You may ask: how does Ahab and Melville relate to science and medicine, and how is Romanticism related to the art of medicine? I see two main links, one being that reading the Romantics enables one to be more knowledgeable about the issue of originality, and two being that observing how the Romantics handle the art of redoing enables one to redo something and still retain originality. These two links are not mutually exclusive, and the second naturally follows the first—learning what originality is enables one to redo things in original ways. Take this for example: a pulmonary intern (keeping the lung theme) sees a case of fibrotic lung disease that had been presented recently at grand rounds. Now, repeat this situation maybe ten times, that is to say, the intern sees ten more patients with fibrotic lung disease and goes to ten more grand rounds on fibrotic lung disease. Could such repetitiveness lead to boredom for the intern? I can’t answer this from experience, as I’m only a first year student, but I’ve heard the answer to be: “Yes.” A bit of originality could help the intern out here, so here I invoke the experience of reading and rereading Melville: when I reread Moby Dick, or reread any other book, I remind myself to be more aware of where I reread, how long I reread, and how I feel when I’m rereading. And then I compare these to my previous experiences of reading Moby Dick, that is to say, where I first read it, or, where I previously read it. I would argue that the intern can try something similar with clinical cases and grand rounds: where did I last see this case of fibrotic lung disease? And how did I feel when I last saw this case? These questions can make each case of fibrotic lung disease original and interesting.

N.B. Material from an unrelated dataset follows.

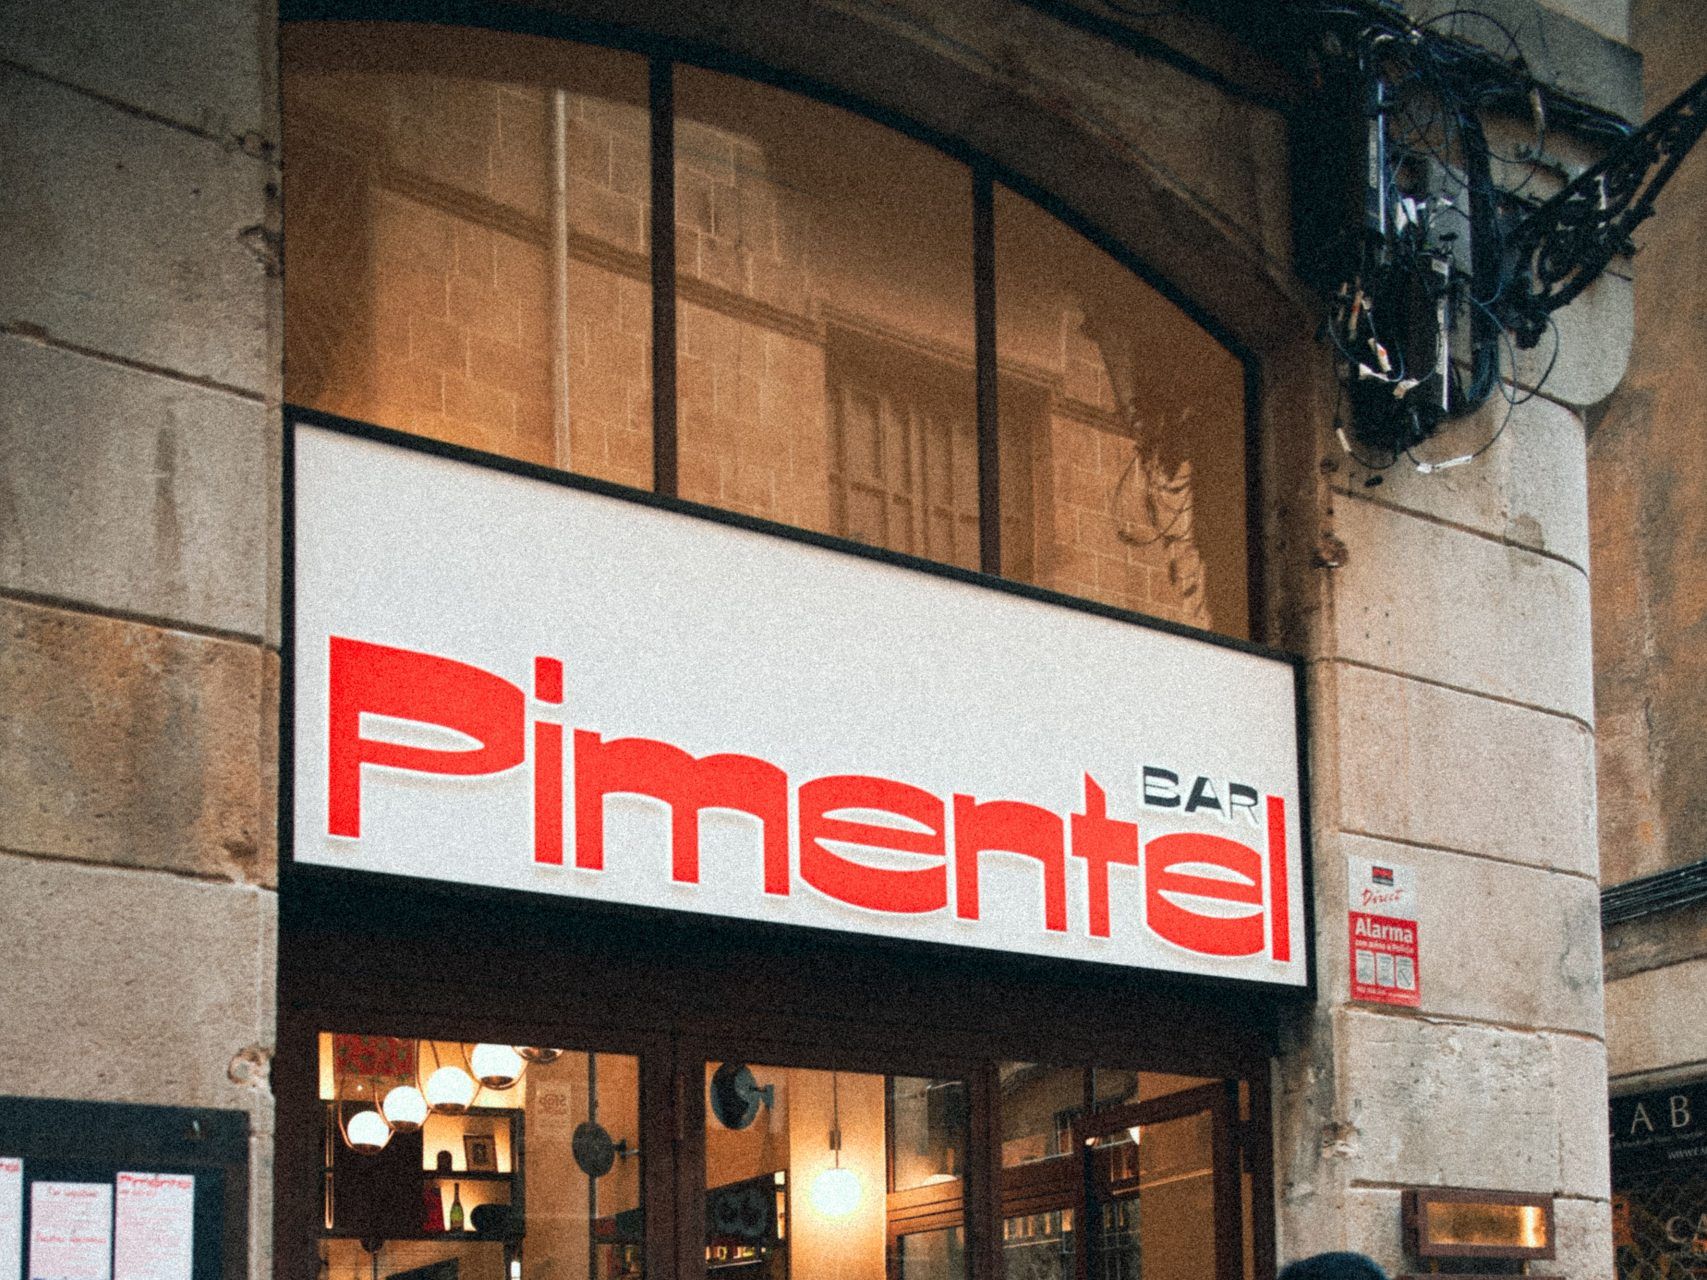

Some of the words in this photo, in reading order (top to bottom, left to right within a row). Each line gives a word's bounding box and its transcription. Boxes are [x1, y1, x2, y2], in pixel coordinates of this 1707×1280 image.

[329, 635, 1290, 962] Pimentel
[1142, 765, 1259, 824] BAR
[1355, 917, 1414, 944] Alarma

To finish this post, I’d like reflect on my previous post. In my first post titled “Imaginative Literature and Medicine,” I laid out my objectives and motivations for writing in this blog, and I identified three focal points that I can discern in the medical humanities: 1. a literary focus, in which writers identify characters in literature that are scientists and doctors and write about these characters; 2. a medical focus, in which doctors and scientists reflect on personal anecdotes and write about them creatively in the form of poems or short stories; and 3. a practical focus, in which writers identify links between literature and medicine and argue for the usefulness of reading imaginative literature in practicing medicine and science. My interest is in the third category, and admittedly, I think this is the most underdeveloped of the three categories. This second post on Melville, Moby Dick, and medicine (a convenient alliteration, I might add) is meant to not only continue where I left off in the first post, but also to start a trend for future posts, in which I will be drawing more links between medicine, science, and the American Romantic writers: R.W. Emerson, N. Hawthorne, H. Melville, W. Whitman, and H.D. Thoreau.